Виновник завтрашнего дня (СИ) - Александер Арина
— Я всё понимаю.
— Правда?
— Да. Я знаю, что вела себя не лучшим образом, — раскаялась, игриво захлопав угольными ресницами, — Но ты сам виноват, — добавила поспешно. — Не одному тебе досталось, я тоже намучилась. Думаешь, мне по приколу было получать от тебя?
— Езжай домой, горе луковое, — подтолкнул её к машине, сдерживая улыбку. — Потом поговорим о твоих методах.
— А ты?
— Я приеду позже.
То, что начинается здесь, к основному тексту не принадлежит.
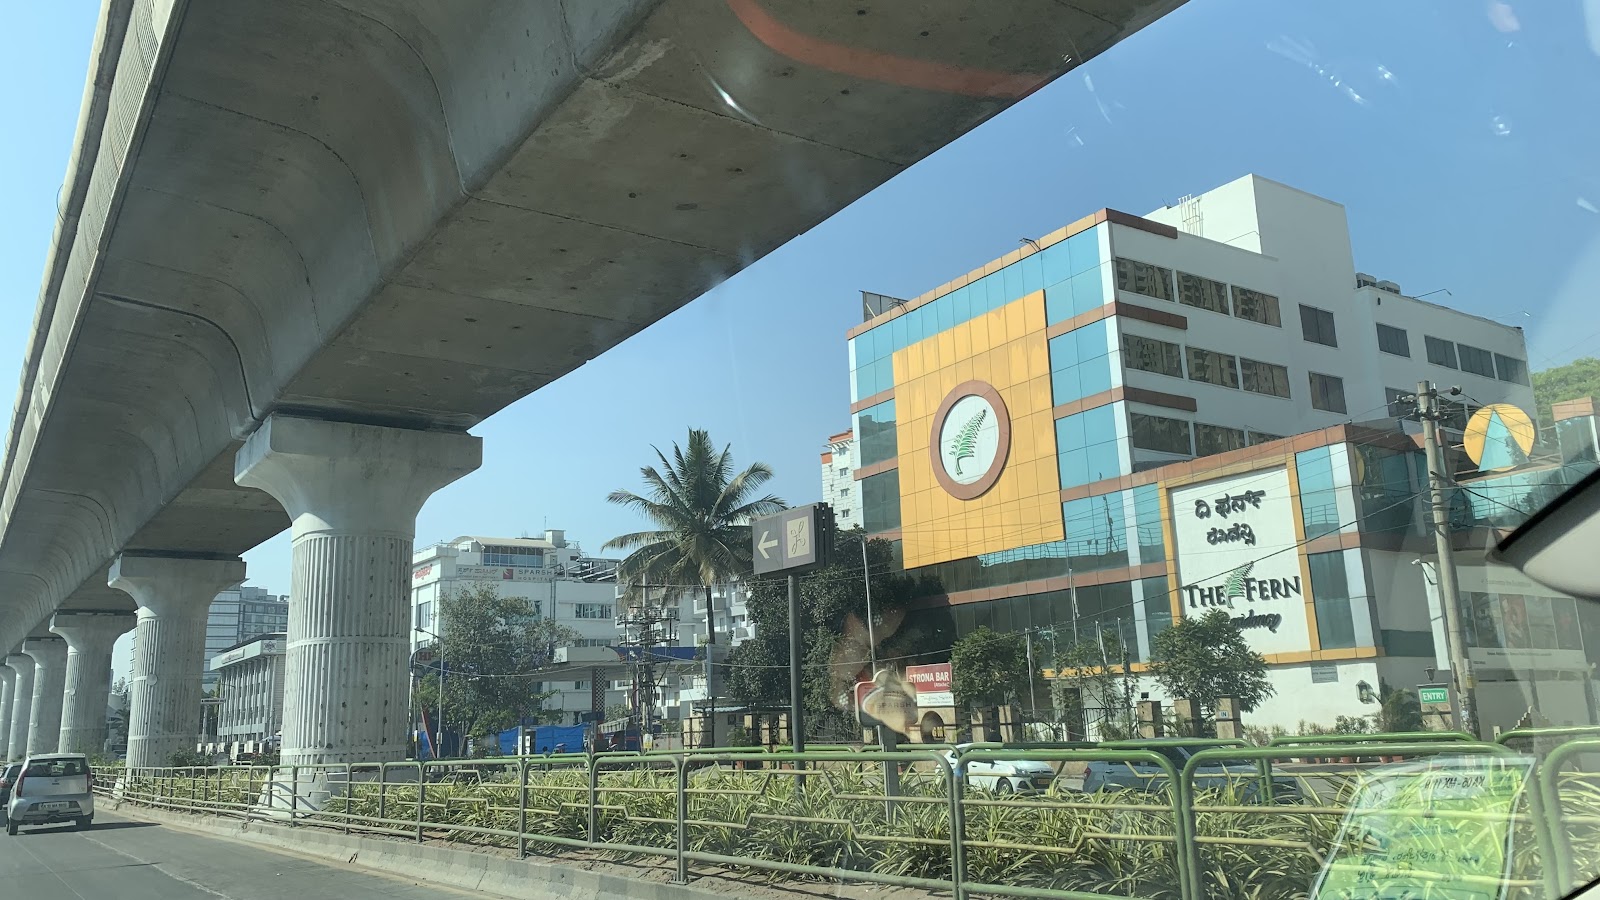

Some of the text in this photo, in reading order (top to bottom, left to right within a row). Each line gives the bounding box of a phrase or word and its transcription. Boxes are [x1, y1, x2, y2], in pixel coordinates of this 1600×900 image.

[1183, 576, 1301, 608] THE FERN
[935, 671, 950, 682] BAR
[1422, 691, 1445, 701] ENTRY
Сначала приведу себя в божеский вид.
— Позвонишь? — выглянула из салона, сощурившись от яркого солнца. Как же не хотелось уезжать. Хотя бы ещё пять минуточек побыть с ним. Не надышалась ещё им, не осознала до конца долгожданное счастье. Сейчас бы позаботиться о нем, обработать ссадины, а потом обнять и никогда не отпускать.
— Позвоню, — наклонился к ней, и осторожно поцеловав манящую полноту губ, резко выпрямился. — А теперь езжай, пока тебя не объявили в розыск.
Девушка уехала, а Лёшка так и остался стоять на месте, смотря ей вслед. Когда Фольксваген скрылся из виду, глубоко вздохнул, принимая в себя неизбежное и неспешно пошел к обрыву. Сколько всего обрушилось, не знал, за что хвататься первым. Мысли о Владке грели душу, будоража воображение, всё остальное — заставляло сжимать кулаки.
Говорят, кто не рискует, тот не пьет шампанское. Он готов был рискнуть. В награду или в наказание дарована ему такая любовь — ещё не знал. Но в одном был уверен точно — добилась таки Владка своего, перевернула его жизнь с ног на голову, пустила корни в сердце и стала в нем полноправной хозяйкой.
Глава 23
Я помнила о данном обещании не совершать опрометчивых поступков и всячески пыталась не лезть на рожон.
Признаюсь, тяжело это давалось, особенно, когда пересекалась с Викой. Её всезнающая улыбка так и напрашивалась на смачный трёхэтажный мат. Я всеми силами продолжала играть отвергнутую Гончаровым неудачницу и в большинстве случаев помалкивала, дабы не сболтнуть лишнего.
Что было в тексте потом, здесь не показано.